Is it just me or is everyone feeling the drain of subscription fees? My wife bought a scale that also gives biometrics. The app is free, but you get ‘so much more’ with the subscription. Looking into the cost of this, I see that it is $129.99 a year or 19.99 a month.

It seems every app wants you to subscribe, but the cost is excessive. I don’t mind paying $12 a year to remove the ads from an app I use regularly and enjoy, but I don’t need all the bells and whistles for $10 to $20 a month. And I don’t need the reminders of all those features I’m missing out on every few times that I open the app.

Going back to the scale, it’s designed to not just weigh you, but to give you other biometrics as well… it’s those other features that made my wife buy it, at a much higher price, rather than buying a regular scale. So, if I buy the product, why should I pay monthly to use it? And if those added features cost money to maintain, well then figure out a cost structure that isn’t so expensive.

Small yearly subscriptions make sense when you want to continuously add features and content, or provide upgrades and maintenance. But just how many $10-$20 a month subscriptions can we manage? And do we really need to pay our scale that much? If it was just the scale, I could imagine a scenario where I’d be invested enough in what it provides to pay this much, but when it’s every product and app that does this, it’s simply unsustainable.

Almost free

I remember being a young kid when a door-to-door salesman came to our house and sold my dad a Junior Encyclopedia set. I was amazed at all the information in there. I could just think of any topic and it seemed that there was an entry for it.

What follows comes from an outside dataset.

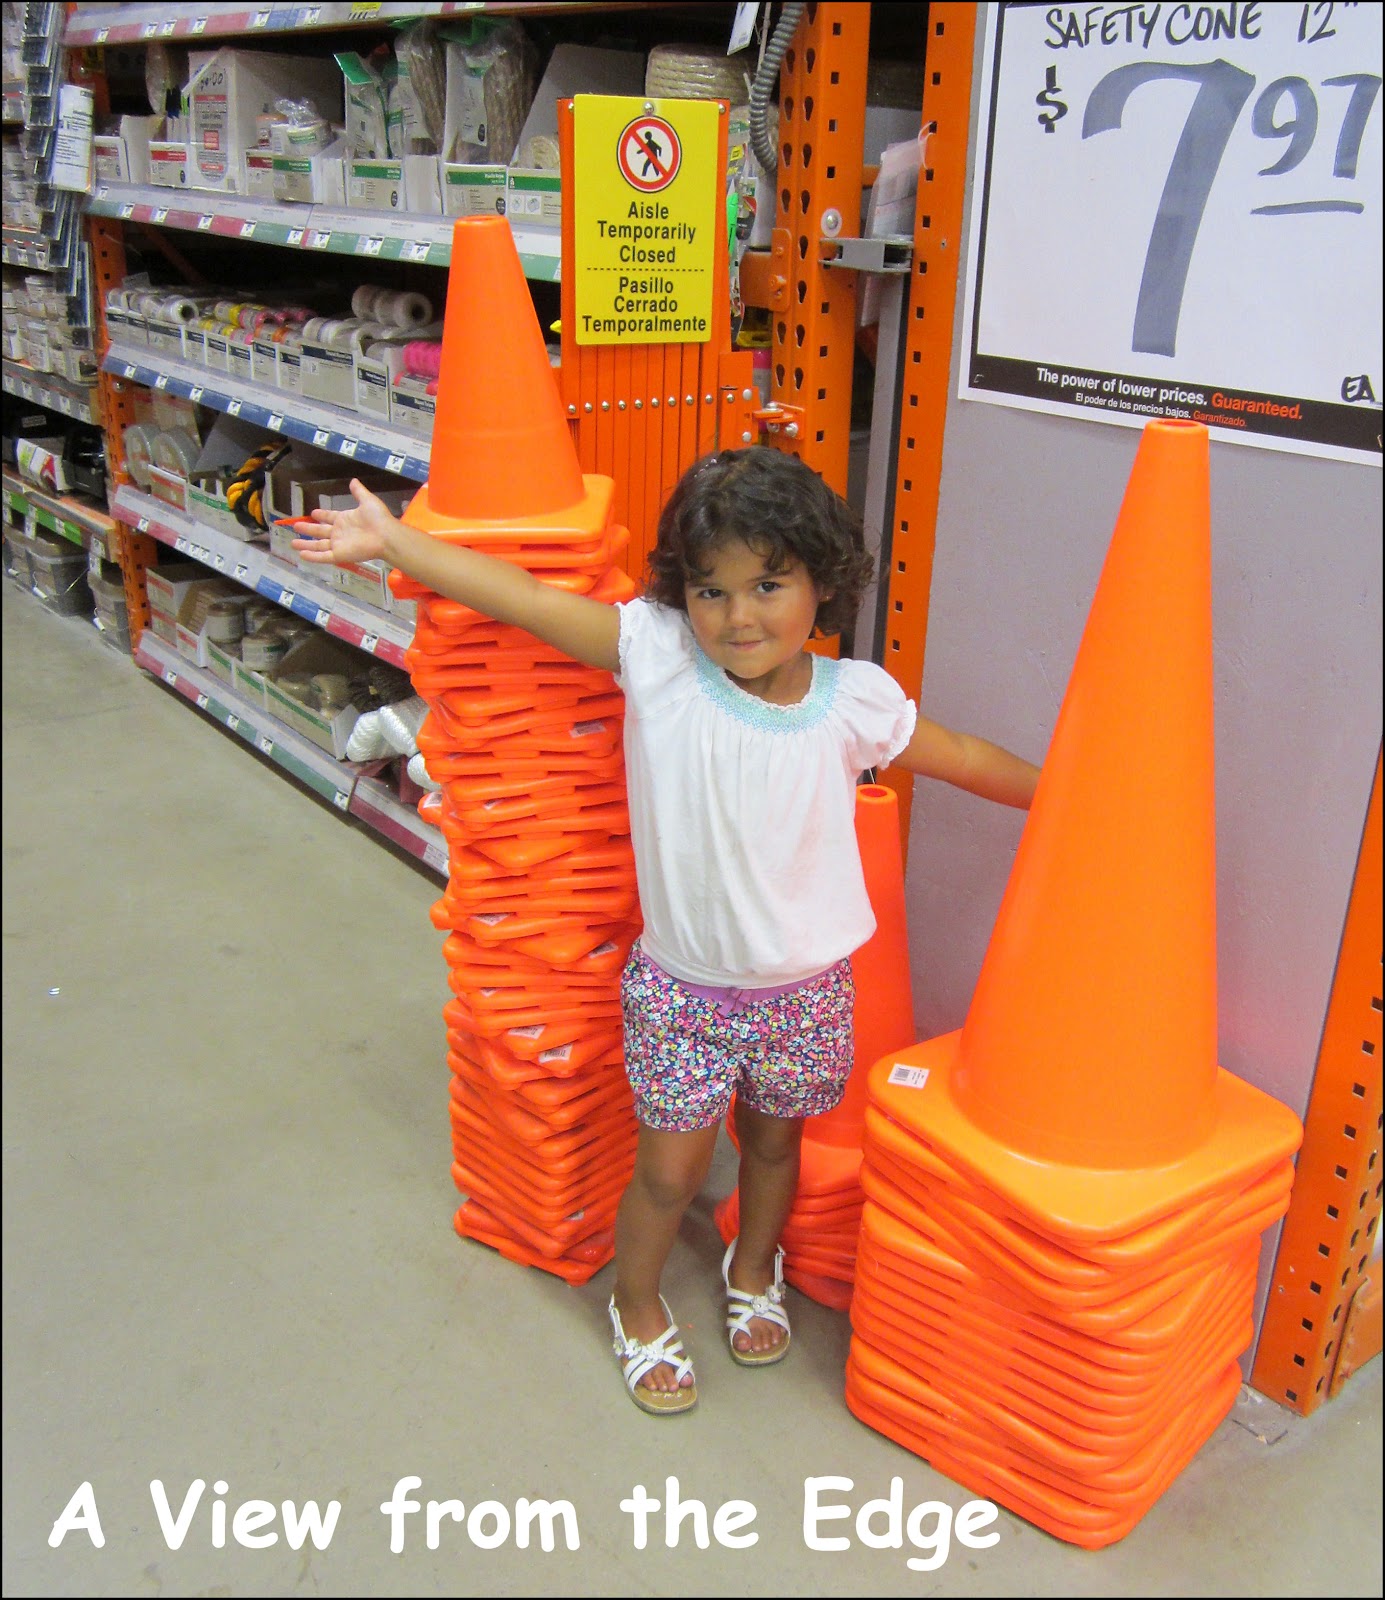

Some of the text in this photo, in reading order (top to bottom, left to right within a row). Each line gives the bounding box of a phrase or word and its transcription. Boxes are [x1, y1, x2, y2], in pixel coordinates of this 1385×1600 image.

In Grade 10 or 11 I took a programming course in high school. I don’t remember much other than having to punch little dots out of cards and handing them in. My teacher would bring them back to us the next class with a printout of the instructions we created with these punch cards.

At the time, I owned a Commodore Vic 20 which had 20k of memory. I remember buying the 16k adapter cartridge so that I could have 36k of memory, but I can’t remember why I wanted the extra data. I think I was writing a book on bass fishing with my buddy on the Commodore and we were using up too much space.

Now our fridges can do more than my Vic 20, and our phones give us access to quite literally any information we desire. Computers have wafer thin chips in them, the size of my finger nail, that can store entire libraries of information. We have no shortage of information or storage… as long as we aren’t trying to store 20,000 photos on our phones.

Information used to be power. Now it seems that information is free. Well, almost free, because we actually pay for information with our attention. The website is free but you’ve got to see the advertising. The podcast is free but you have to listen to commercials. Social media content is free but influencers push products your way, and sell you programs. And you end up not scrolling past an ad because it is designed like the content you normally consume.

We don’t have to buy encyclopedias anymore, information is almost free… The price we pay is our attention.